Rigid hedge-nettle is an attractive perennial arising 40-110 cm high from a rhizome. The stem is erect and and ranges from unbranched to freely branched. The herbage of leaves and stems consists of numerous stiff hairs which range from coarse to rough. The leaves are mostly on the square stems, where they are opposite. The leaves bear many long, soft, shaggy hairs on both surfaces. The leaves are oblong oblong-ovate with the upper leaves often narrower or lanceolate in shape. They measure from 5-12 cm long and have rounded teeth on the margins. The slender petioles are noticeable but short, measuring from 1-4 cm long. The petioles are typically found on the middle and lower leaves.
The flowers are arranged in a series of verticels or whorls, the flowers being axillary to the leaves or bracts (on the upper part of the stem). The bell-shaped calyx ranges from 5-8 mm in length with triangular teeth much shorter than the tube.
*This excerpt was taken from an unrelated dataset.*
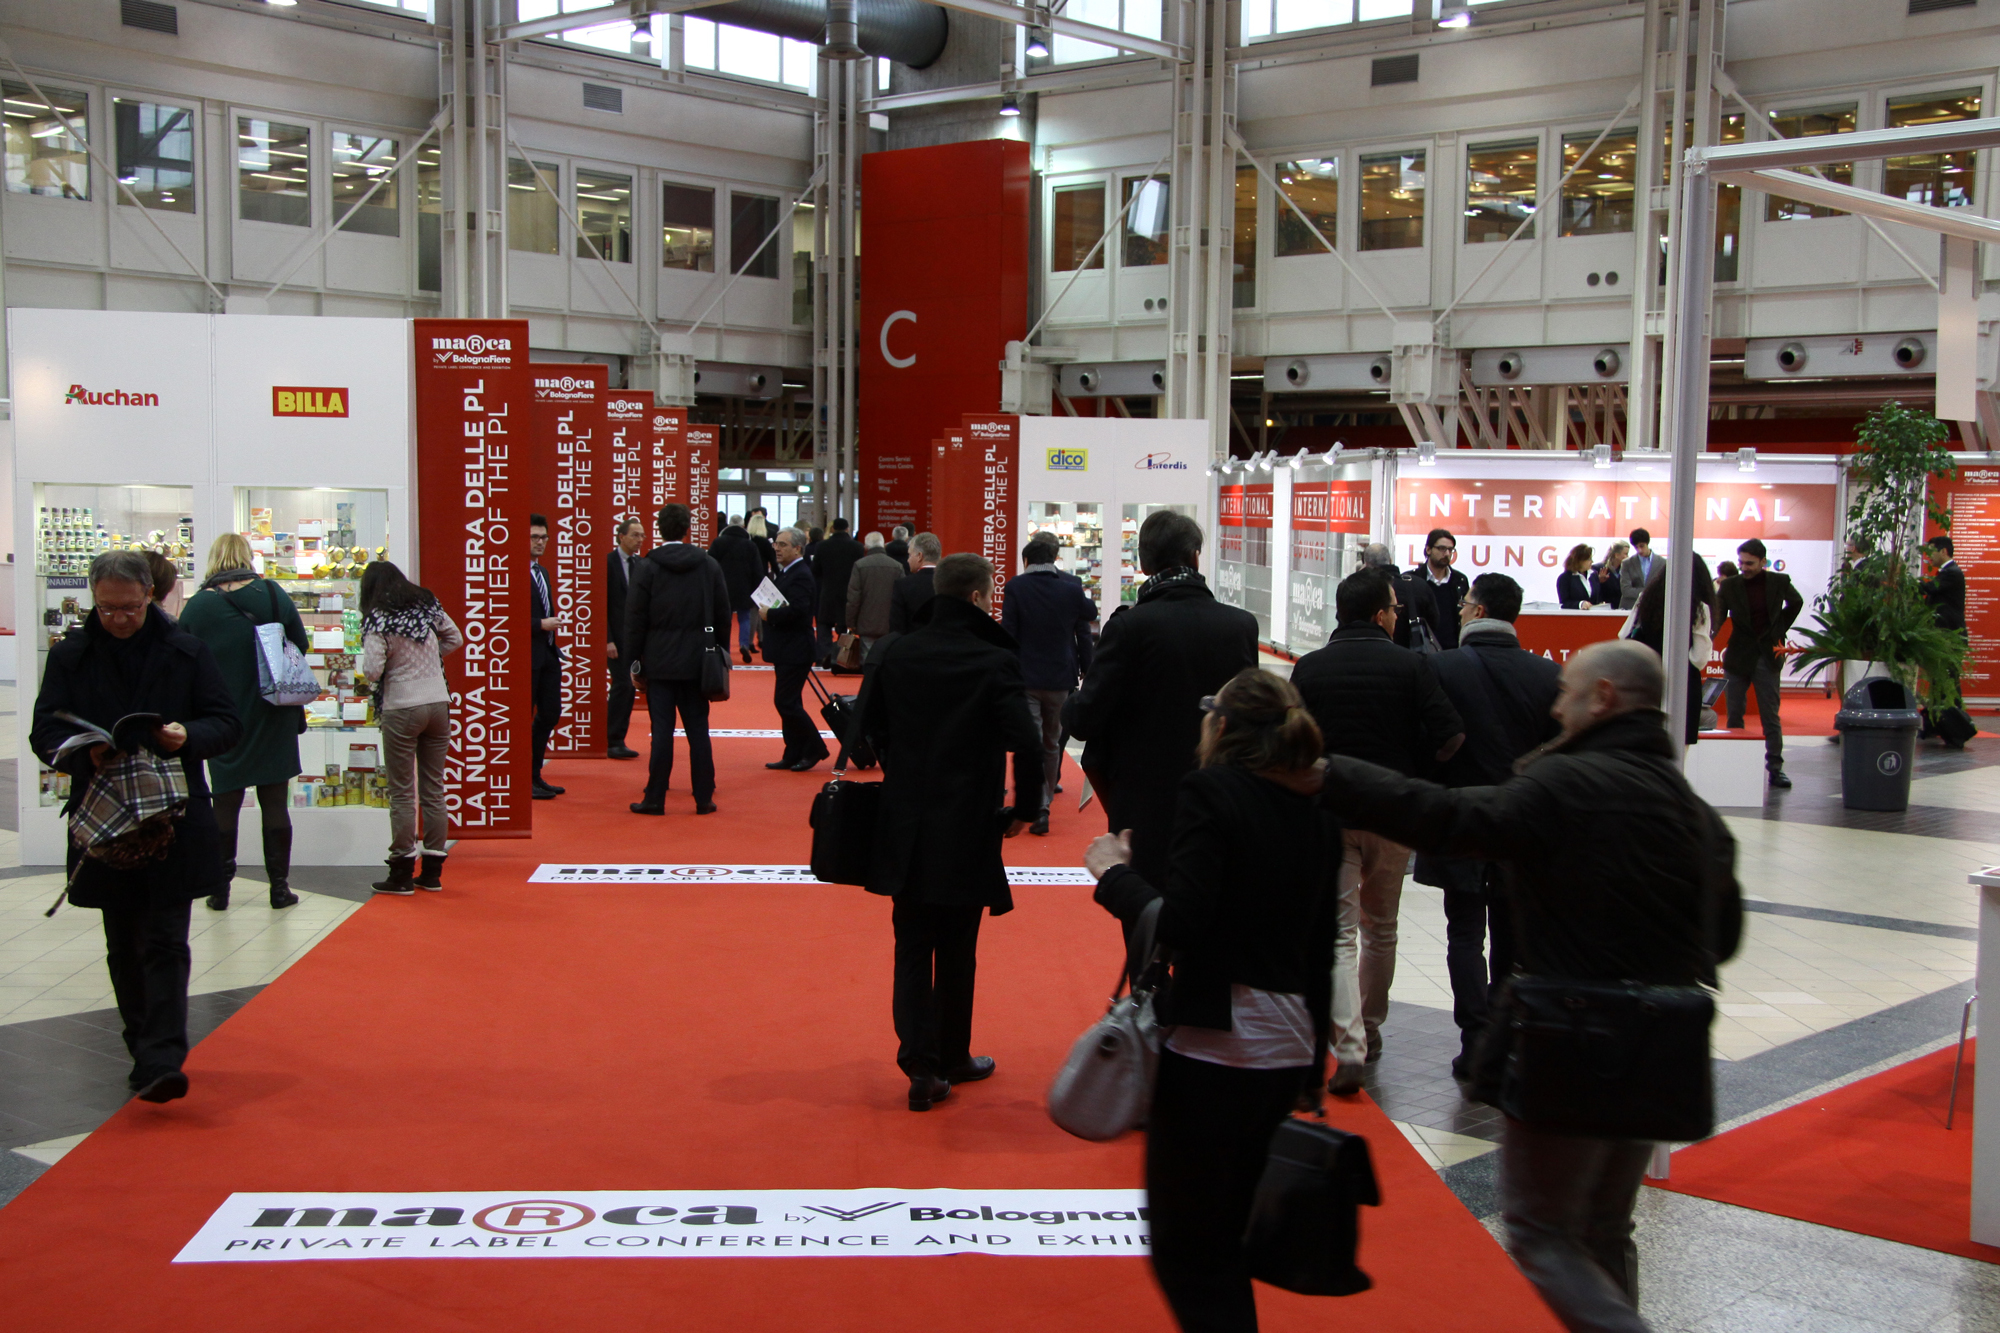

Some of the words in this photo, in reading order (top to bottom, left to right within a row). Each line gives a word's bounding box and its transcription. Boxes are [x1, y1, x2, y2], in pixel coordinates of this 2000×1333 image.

A few long, spreading hairs may be found on the outer surface of the calyx. The corolla is pinkish with red mottling and lines and has a long tube ending in two lips, the lower lip being the largest. The corolla tube measures 9-14 mm long and is longer than the calyx.
Rigid hedge-nettle is found in swamps, on streambanks and moist low ground, including roadside ditches. It is also found in open woods and in thickets.
Rigid hedge-nettle is found from central Oregon south along both sides of the Cascades to California and east to Nevada.
The photo above is of rigid hedge-nettle as seen along the highway at the trailhead to Iron Mt., Central Oregon Cascades...........July 14, 1990.